[Referring expression grounding data]
Segment Open

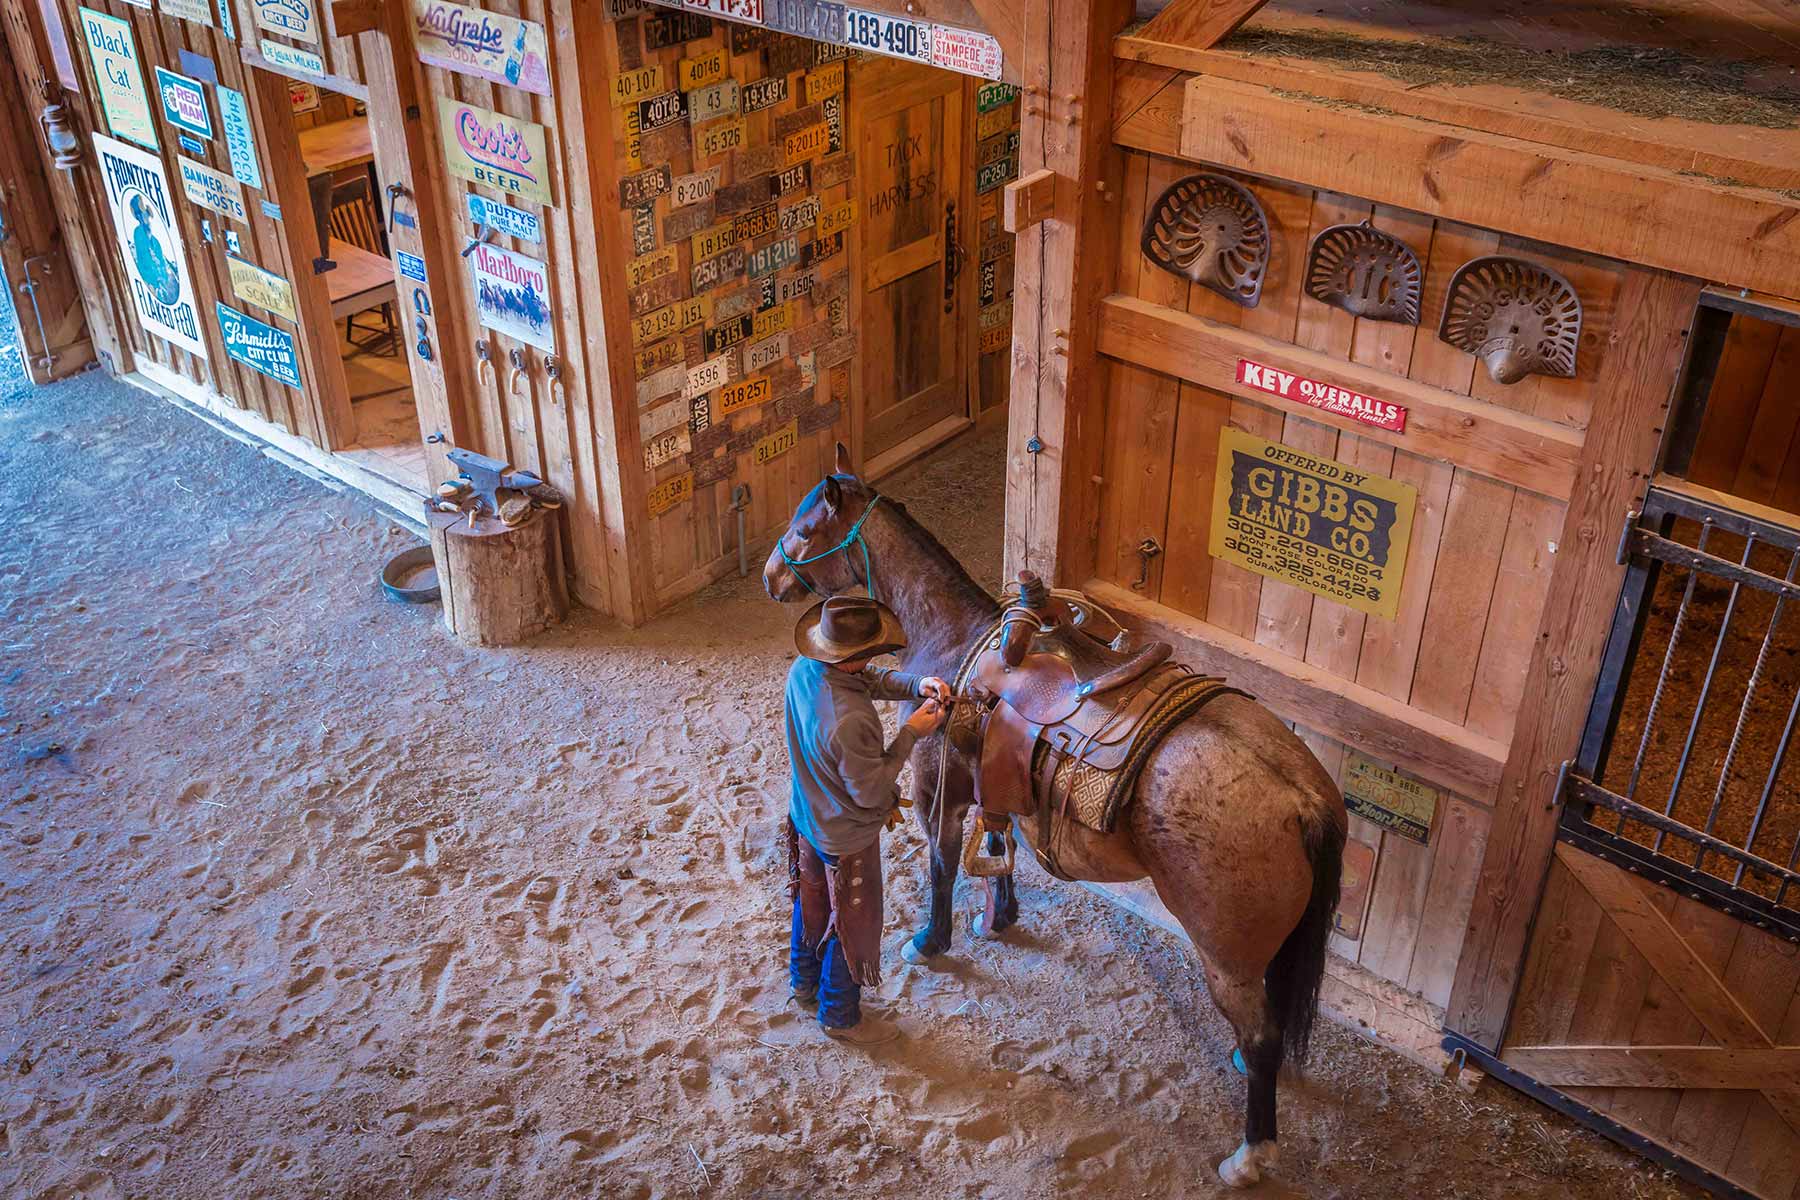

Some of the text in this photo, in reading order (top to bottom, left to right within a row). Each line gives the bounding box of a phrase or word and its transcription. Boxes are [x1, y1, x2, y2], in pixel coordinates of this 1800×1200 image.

[88, 20, 132, 59] Black
[416, 2, 502, 52] NuGrape
[847, 12, 918, 57] 183-490
[917, 50, 929, 60] 22
[935, 40, 980, 62] STAMPEDE
[105, 58, 131, 89] Cat
[617, 68, 656, 97] 40-107
[690, 57, 720, 81] 40T46
[175, 86, 200, 106] RED
[648, 96, 680, 121] 40T46
[179, 102, 204, 122] MAN
[224, 113, 243, 180] TOBACCO
[226, 91, 254, 185] SHAMROCK
[884, 133, 922, 168] TACK
[103, 151, 171, 229] FRONTIER
[183, 165, 223, 193] BANNER
[474, 167, 520, 192] BEER
[869, 170, 937, 219] HARNESS
[206, 190, 243, 217] POSTS
[486, 201, 536, 228] DUFFY'S
[490, 214, 534, 236] PURE MALT
[475, 245, 543, 293] Marlboro
[134, 278, 198, 342] FLAKED FEED
[224, 321, 292, 352] Schmidt's
[247, 345, 290, 364] CITY CLUB
[272, 361, 295, 379] BEER
[1244, 362, 1398, 419] KEY OVERALLS
[1305, 392, 1323, 408] The
[1357, 406, 1390, 425] Finest
[1264, 445, 1368, 488] OFFERED BY
[1248, 467, 1378, 532] GIBBS
[1240, 494, 1376, 562] LAND CO.
[1246, 556, 1353, 600] OURAY, COLORADO
[1306, 558, 1368, 584] COLORADO
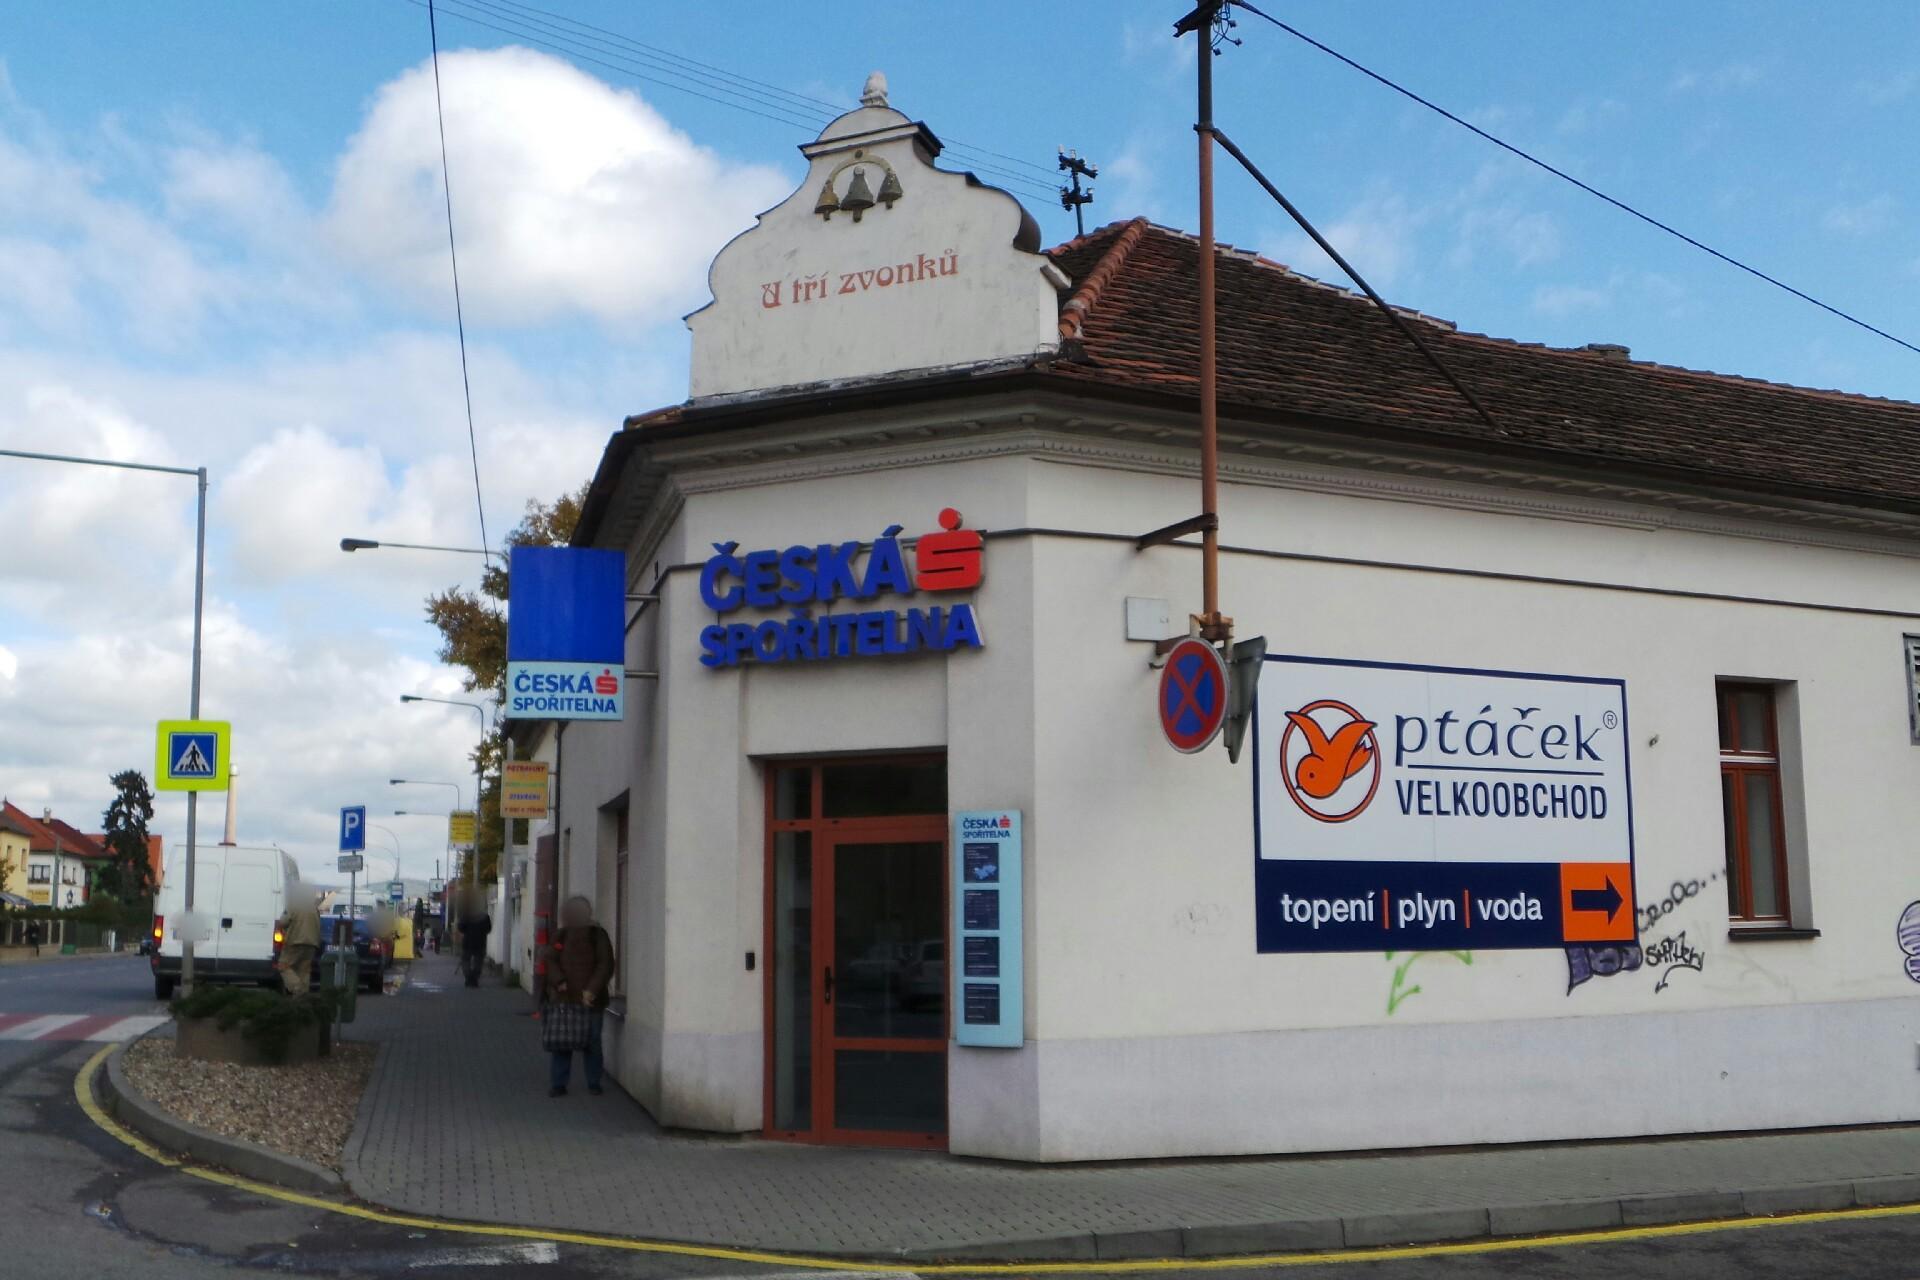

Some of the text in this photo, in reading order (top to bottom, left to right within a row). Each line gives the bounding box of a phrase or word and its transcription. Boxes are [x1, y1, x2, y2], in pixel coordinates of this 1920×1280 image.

[761, 248, 959, 309] U tří zvonků
[700, 525, 911, 613] ČESKÁ
[699, 603, 985, 668] SPOŘITELNA
[514, 669, 594, 693] ČESKÁ
[513, 694, 617, 713] SPOŘITELNA
[1395, 779, 1608, 820] VELKOOBCHOD
[344, 812, 359, 838] P
[1281, 891, 1544, 930] topení plyn voda
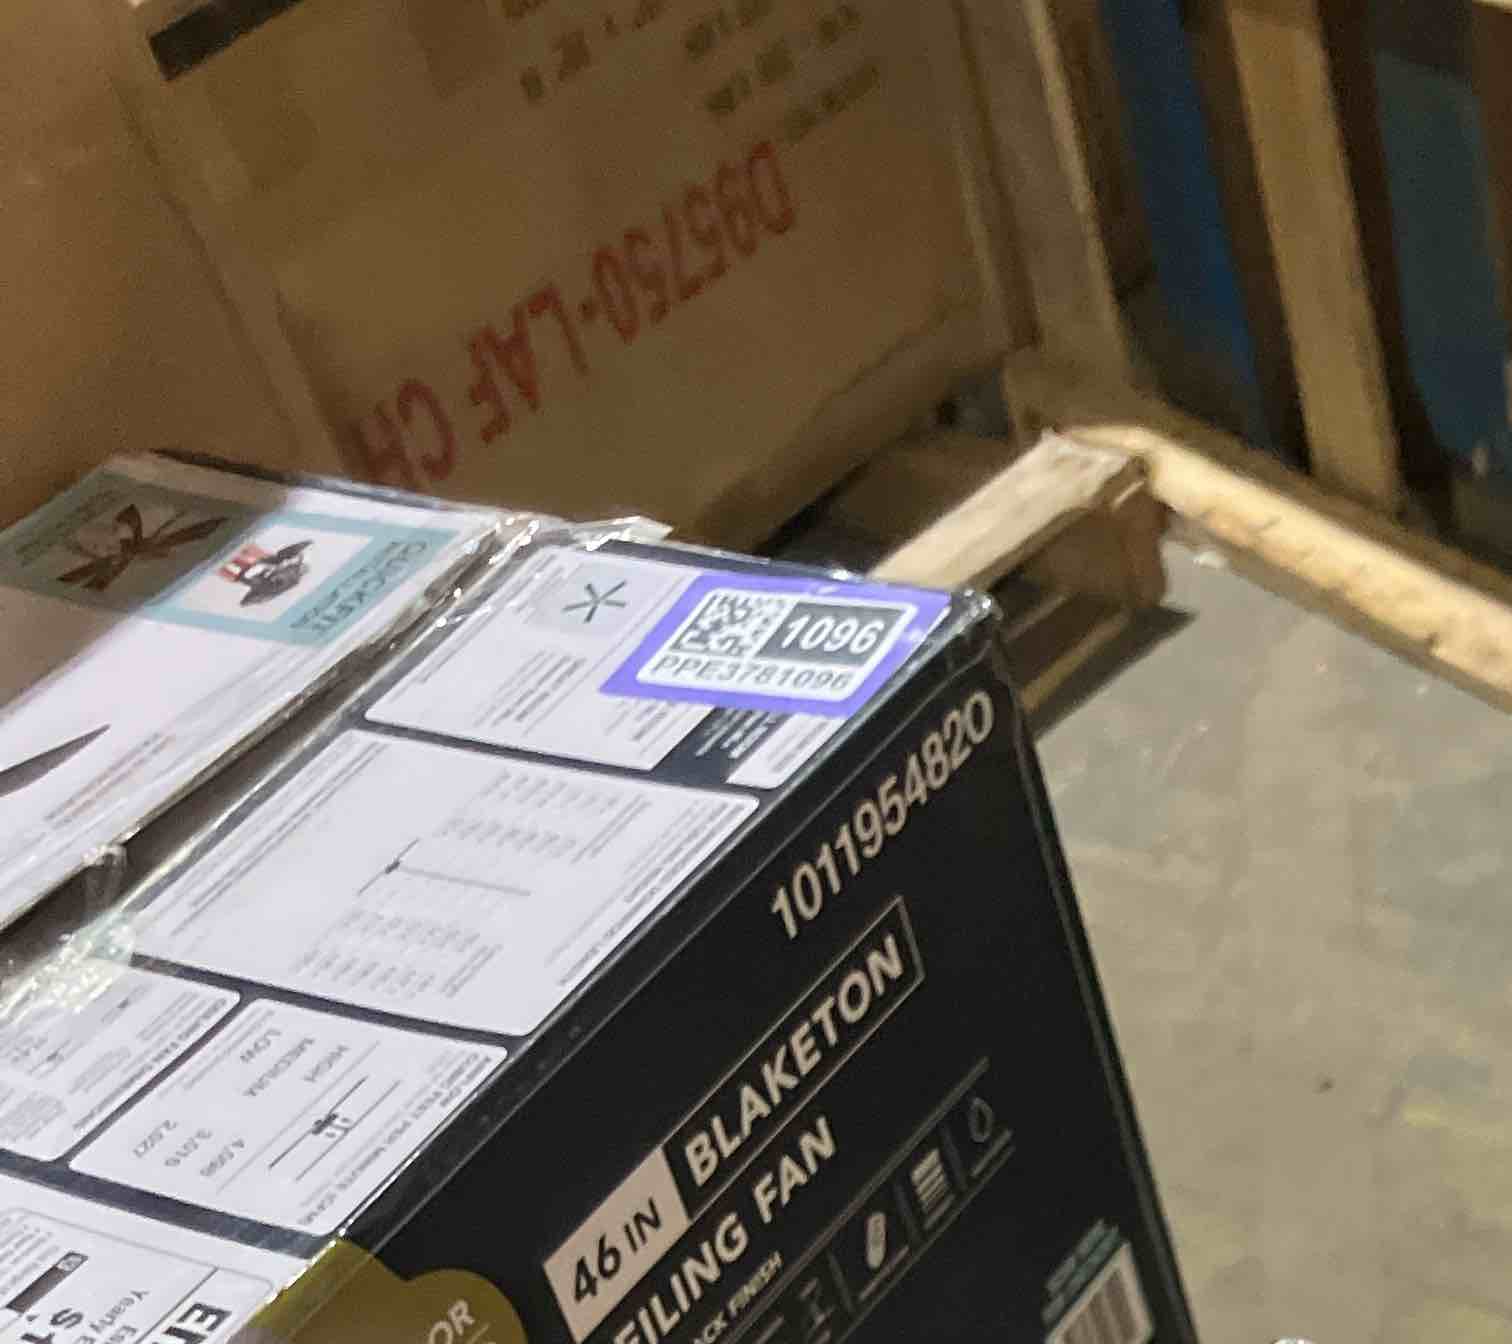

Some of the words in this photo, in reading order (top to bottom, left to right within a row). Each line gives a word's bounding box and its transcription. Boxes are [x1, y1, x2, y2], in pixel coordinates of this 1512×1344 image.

[781, 614, 883, 656] 1096
[651, 652, 853, 692] PPE3781096
[769, 690, 996, 942] 1011954820
[232, 1026, 287, 1066] LOW
[238, 1035, 320, 1100] MEDIUM
[298, 1042, 355, 1084] HIGH
[571, 1238, 621, 1307] 46
[623, 1197, 664, 1252] IN
[684, 935, 906, 1187] BLAKETON
[753, 1115, 837, 1226] FAN
[89, 1289, 149, 1333] Yearly

Segment Closed

TASK DIRECTIONS: Please repeat all of the data exactly as it stands, leaving the pictures out.

YOUR SOLUTION:
Some of the text in this photo, in reading order (top to bottom, left to right within a row). Each line gives the bounding box of a phrase or word and its transcription. Boxes are [x1, y1, x2, y2], in pixel coordinates of this 1800×1200 image.

[88, 20, 132, 59] Black
[416, 2, 502, 52] NuGrape
[847, 12, 918, 57] 183-490
[917, 50, 929, 60] 22
[935, 40, 980, 62] STAMPEDE
[105, 58, 131, 89] Cat
[617, 68, 656, 97] 40-107
[690, 57, 720, 81] 40T46
[175, 86, 200, 106] RED
[648, 96, 680, 121] 40T46
[179, 102, 204, 122] MAN
[224, 113, 243, 180] TOBACCO
[226, 91, 254, 185] SHAMROCK
[884, 133, 922, 168] TACK
[103, 151, 171, 229] FRONTIER
[183, 165, 223, 193] BANNER
[474, 167, 520, 192] BEER
[869, 170, 937, 219] HARNESS
[206, 190, 243, 217] POSTS
[486, 201, 536, 228] DUFFY'S
[490, 214, 534, 236] PURE MALT
[475, 245, 543, 293] Marlboro
[134, 278, 198, 342] FLAKED FEED
[224, 321, 292, 352] Schmidt's
[247, 345, 290, 364] CITY CLUB
[272, 361, 295, 379] BEER
[1244, 362, 1398, 419] KEY OVERALLS
[1305, 392, 1323, 408] The
[1357, 406, 1390, 425] Finest
[1264, 445, 1368, 488] OFFERED BY
[1248, 467, 1378, 532] GIBBS
[1240, 494, 1376, 562] LAND CO.
[1246, 556, 1353, 600] OURAY, COLORADO
[1306, 558, 1368, 584] COLORADO

Some of the text in this photo, in reading order (top to bottom, left to right within a row). Each line gives the bounding box of a phrase or word and its transcription. Boxes are [x1, y1, x2, y2], in pixel coordinates of this 1920×1280 image.

[761, 248, 959, 309] U tří zvonků
[700, 525, 911, 613] ČESKÁ
[699, 603, 985, 668] SPOŘITELNA
[514, 669, 594, 693] ČESKÁ
[513, 694, 617, 713] SPOŘITELNA
[1395, 779, 1608, 820] VELKOOBCHOD
[344, 812, 359, 838] P
[1281, 891, 1544, 930] topení plyn voda

Some of the words in this photo, in reading order (top to bottom, left to right within a row). Each line gives a word's bounding box and its transcription. Boxes are [x1, y1, x2, y2], in pixel coordinates of this 1512×1344 image.

[781, 614, 883, 656] 1096
[651, 652, 853, 692] PPE3781096
[769, 690, 996, 942] 1011954820
[232, 1026, 287, 1066] LOW
[238, 1035, 320, 1100] MEDIUM
[298, 1042, 355, 1084] HIGH
[571, 1238, 621, 1307] 46
[623, 1197, 664, 1252] IN
[684, 935, 906, 1187] BLAKETON
[753, 1115, 837, 1226] FAN
[89, 1289, 149, 1333] Yearly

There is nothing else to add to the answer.